### REQUIRED WORK:
In the data below, find the line with "Some of the words" and output it along with every later line, exactly, but not the pictures.
== == ==
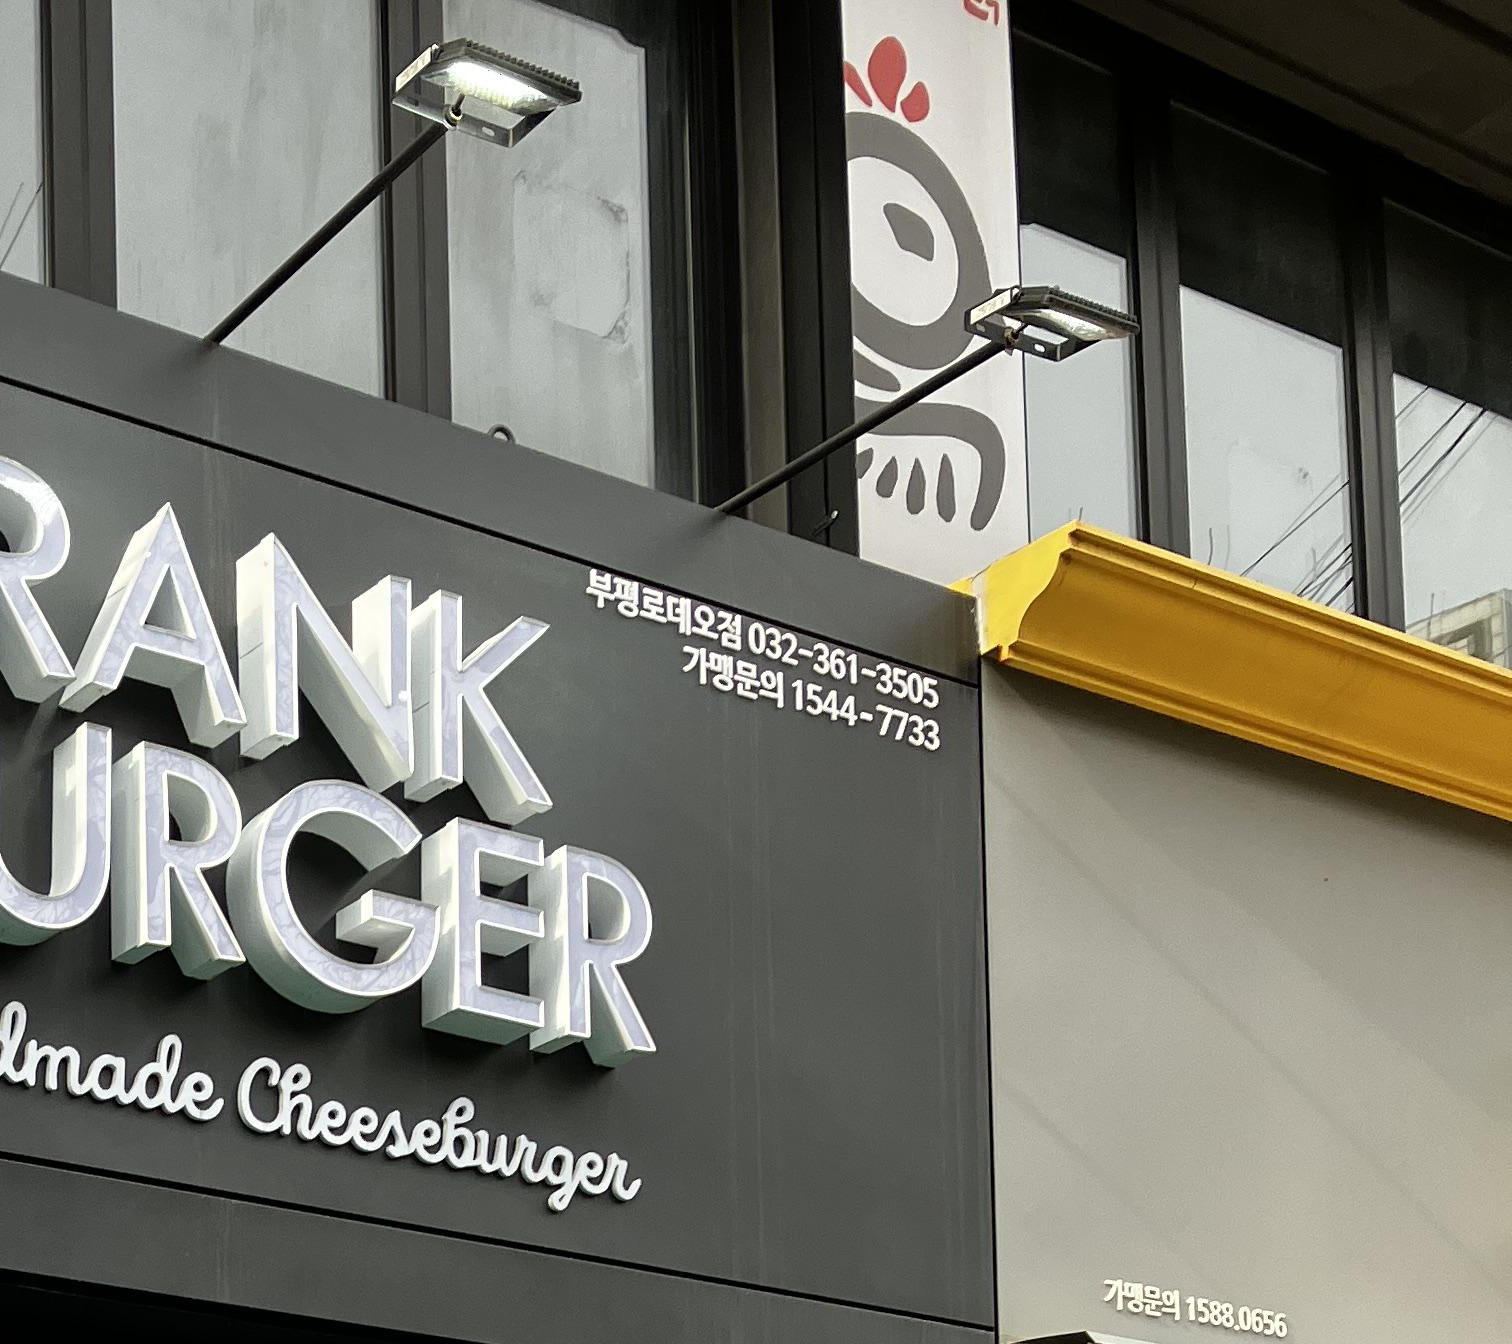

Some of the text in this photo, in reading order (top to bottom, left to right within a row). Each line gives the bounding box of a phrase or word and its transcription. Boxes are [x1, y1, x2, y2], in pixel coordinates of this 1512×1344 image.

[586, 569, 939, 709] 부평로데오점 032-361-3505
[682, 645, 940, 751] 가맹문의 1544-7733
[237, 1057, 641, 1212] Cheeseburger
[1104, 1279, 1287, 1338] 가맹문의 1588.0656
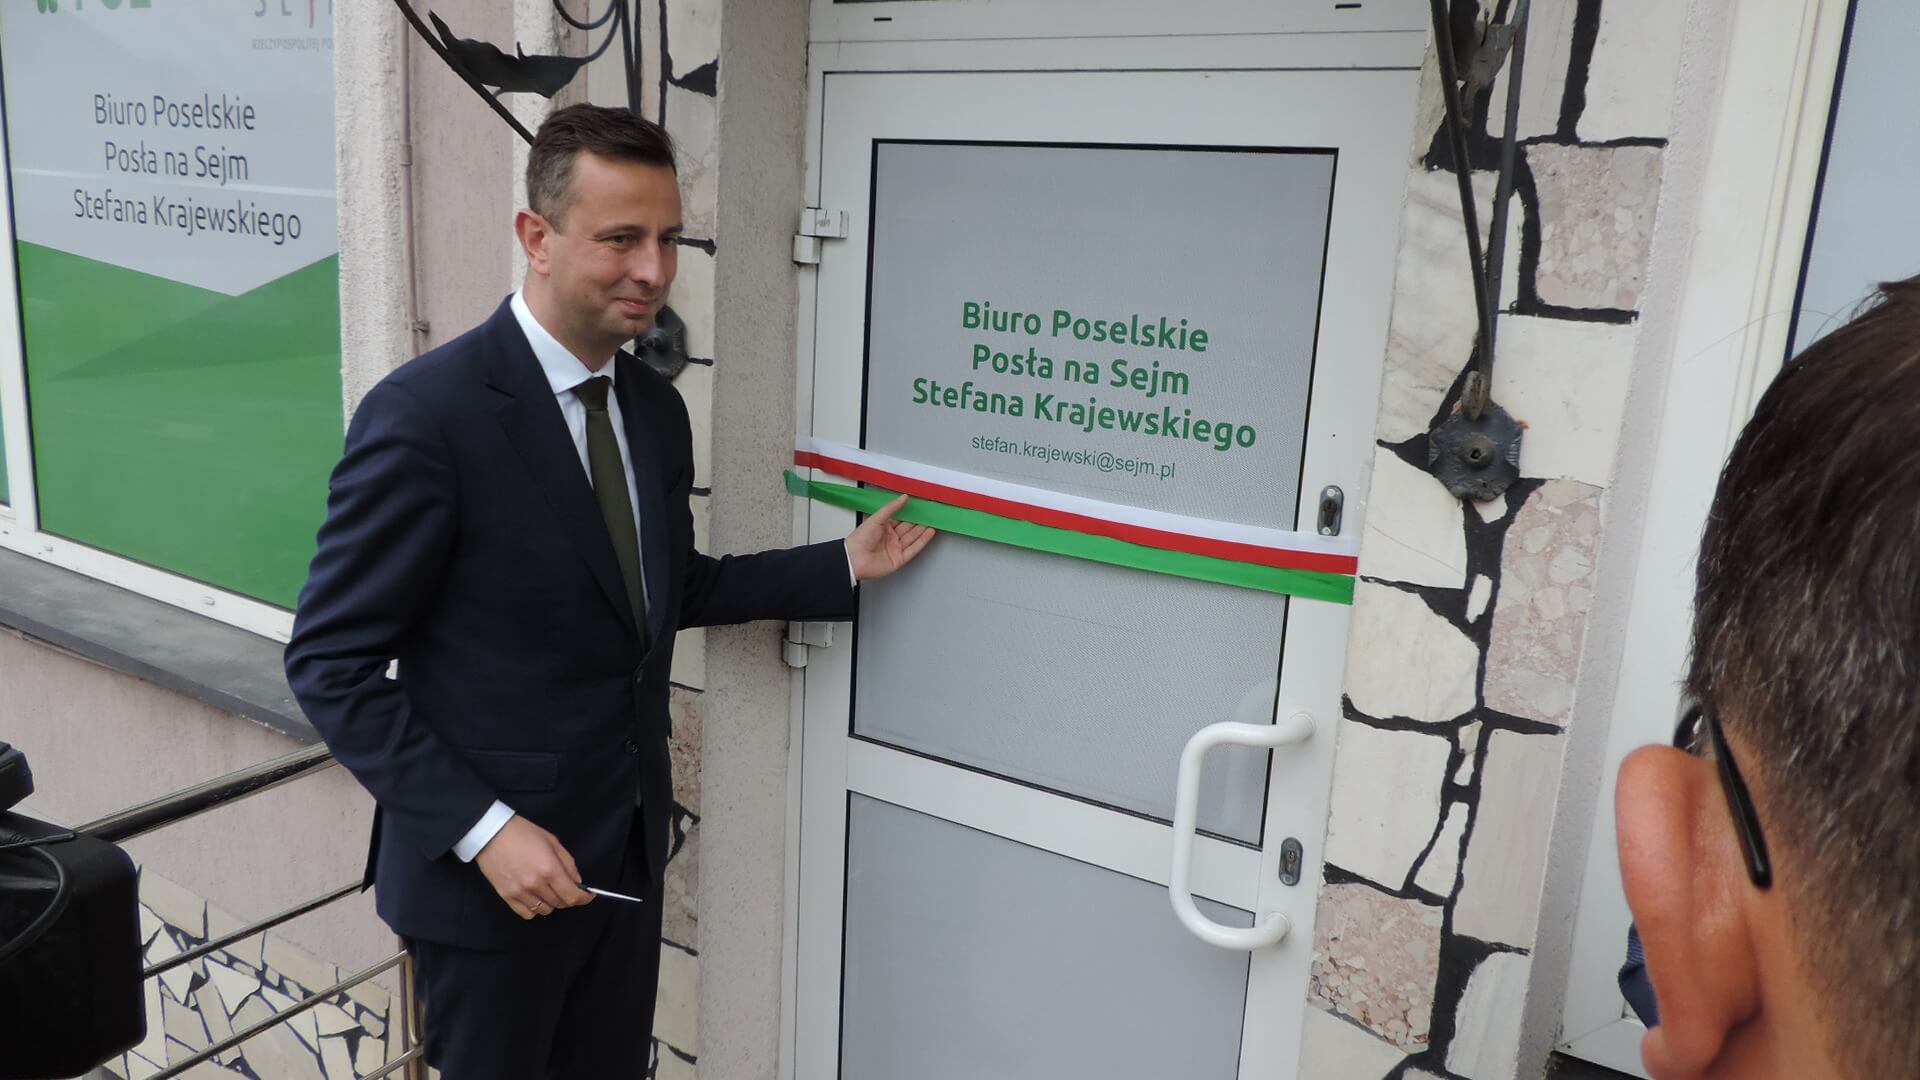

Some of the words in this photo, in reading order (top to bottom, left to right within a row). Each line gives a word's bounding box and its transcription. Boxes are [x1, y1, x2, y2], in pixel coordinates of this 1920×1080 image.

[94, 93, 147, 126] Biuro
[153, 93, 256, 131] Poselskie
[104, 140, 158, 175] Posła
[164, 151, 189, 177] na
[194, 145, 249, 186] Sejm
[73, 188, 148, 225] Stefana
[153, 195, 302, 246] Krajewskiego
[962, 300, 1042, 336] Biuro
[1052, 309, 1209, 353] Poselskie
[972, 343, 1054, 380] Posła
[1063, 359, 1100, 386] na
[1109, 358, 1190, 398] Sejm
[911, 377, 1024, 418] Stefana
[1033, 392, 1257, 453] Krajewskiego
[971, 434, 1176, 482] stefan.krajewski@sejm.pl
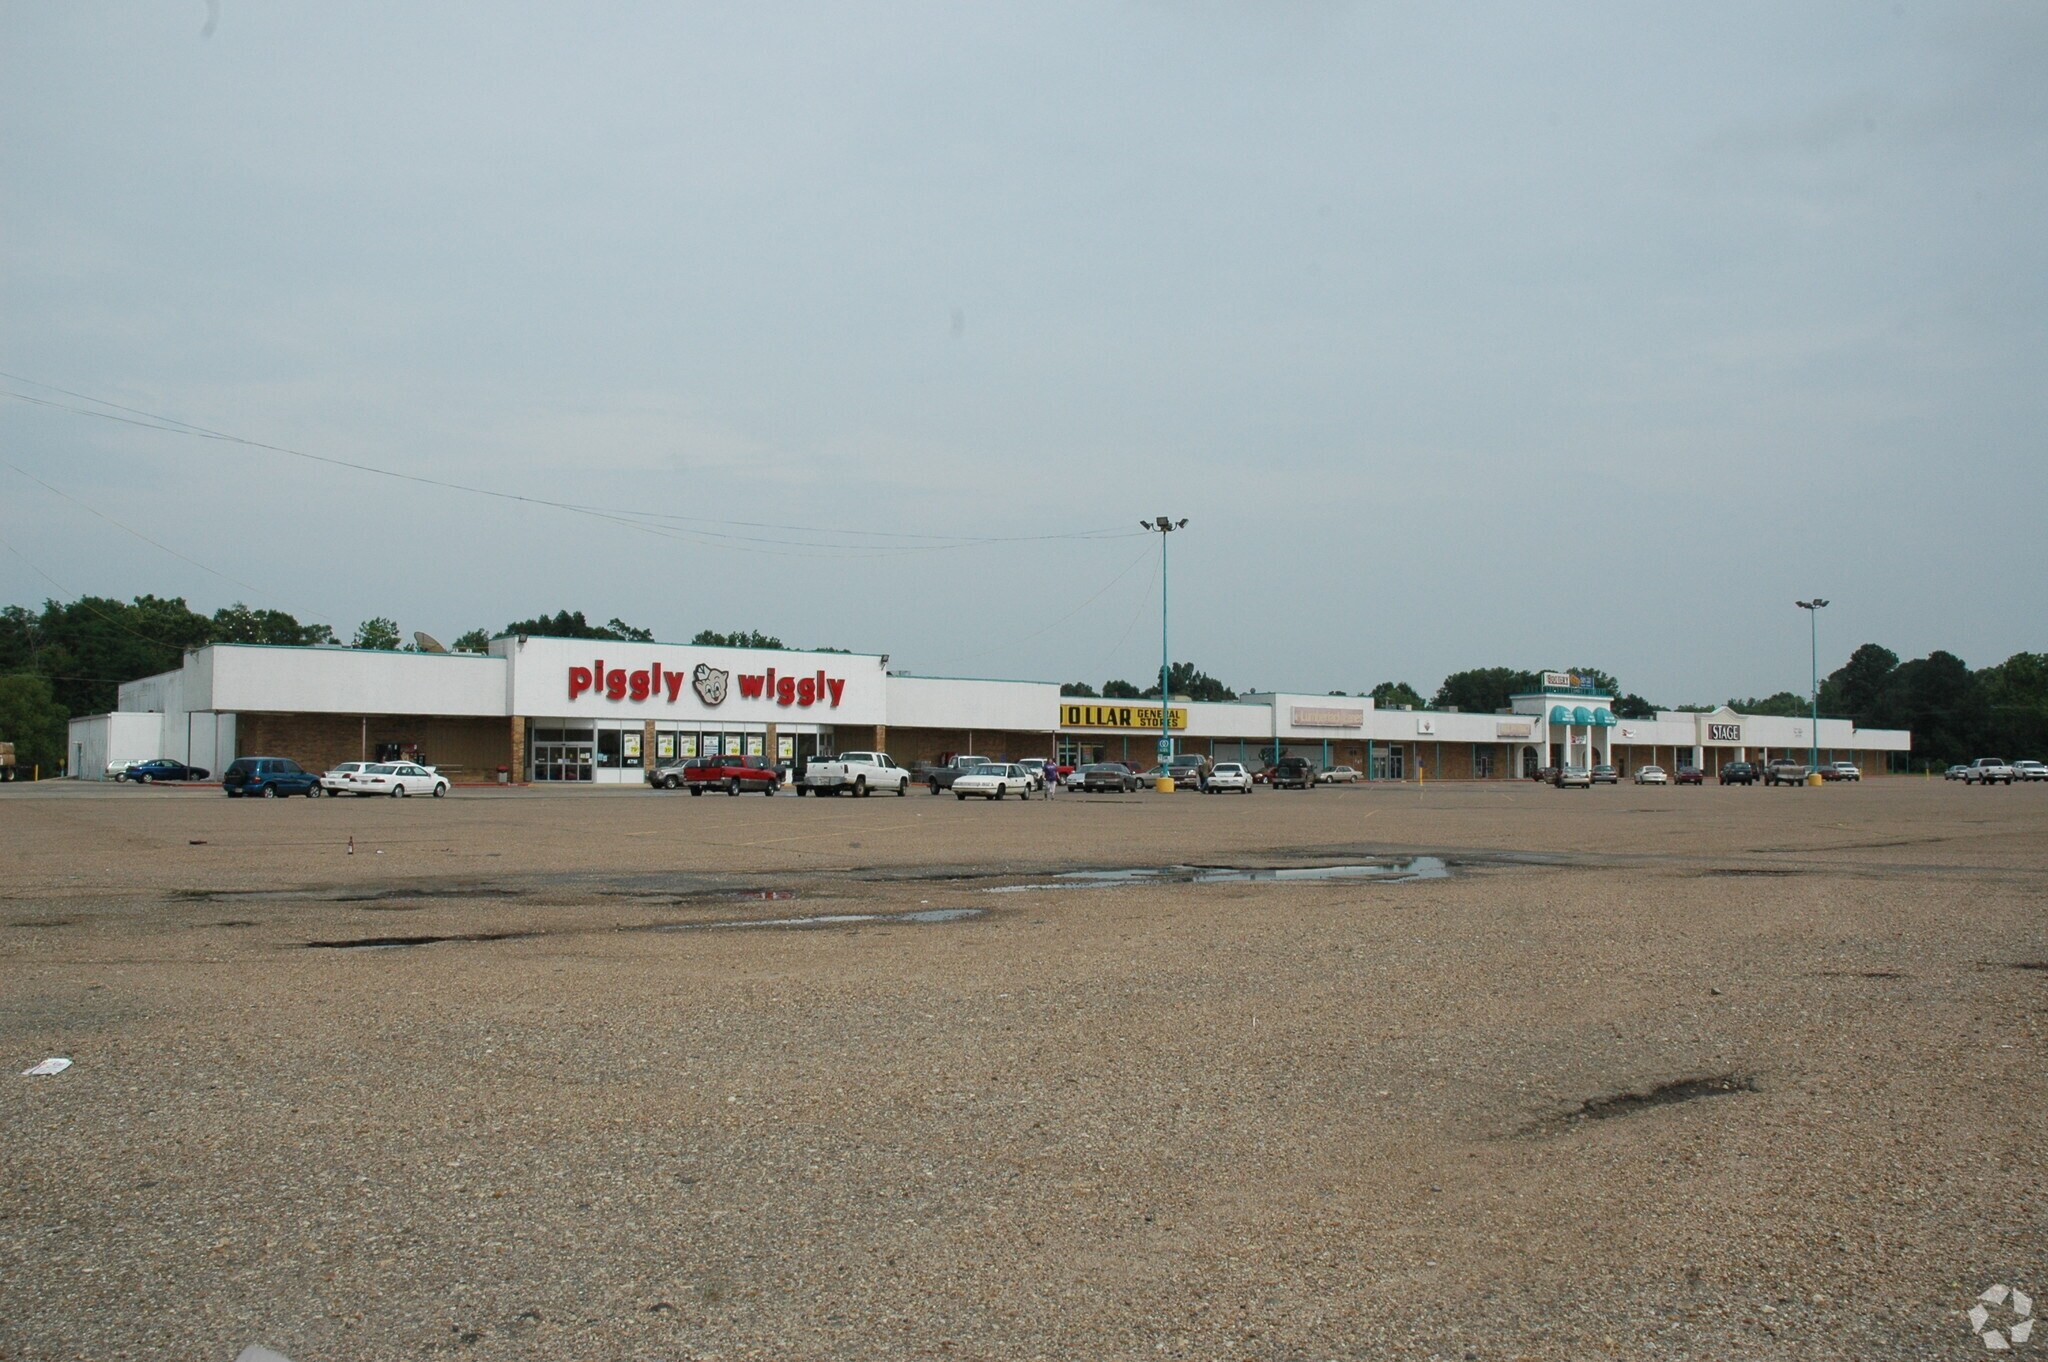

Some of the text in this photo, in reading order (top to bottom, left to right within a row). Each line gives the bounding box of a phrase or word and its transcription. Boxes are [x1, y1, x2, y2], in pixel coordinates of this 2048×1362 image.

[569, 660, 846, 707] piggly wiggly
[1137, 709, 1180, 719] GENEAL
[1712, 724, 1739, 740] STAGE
== == ==
### REPLY TO THE TASK:
Some of the words in this photo, in reading order (top to bottom, left to right within a row). Each line gives a word's bounding box and its transcription. Boxes are [x1, y1, x2, y2], in pixel coordinates of this 1920×1080 image.

[94, 93, 147, 126] Biuro
[153, 93, 256, 131] Poselskie
[104, 140, 158, 175] Posła
[164, 151, 189, 177] na
[194, 145, 249, 186] Sejm
[73, 188, 148, 225] Stefana
[153, 195, 302, 246] Krajewskiego
[962, 300, 1042, 336] Biuro
[1052, 309, 1209, 353] Poselskie
[972, 343, 1054, 380] Posła
[1063, 359, 1100, 386] na
[1109, 358, 1190, 398] Sejm
[911, 377, 1024, 418] Stefana
[1033, 392, 1257, 453] Krajewskiego
[971, 434, 1176, 482] stefan.krajewski@sejm.pl

Some of the text in this photo, in reading order (top to bottom, left to right within a row). Each line gives the bounding box of a phrase or word and its transcription. Boxes are [x1, y1, x2, y2], in pixel coordinates of this 2048×1362 image.

[569, 660, 846, 707] piggly wiggly
[1137, 709, 1180, 719] GENEAL
[1712, 724, 1739, 740] STAGE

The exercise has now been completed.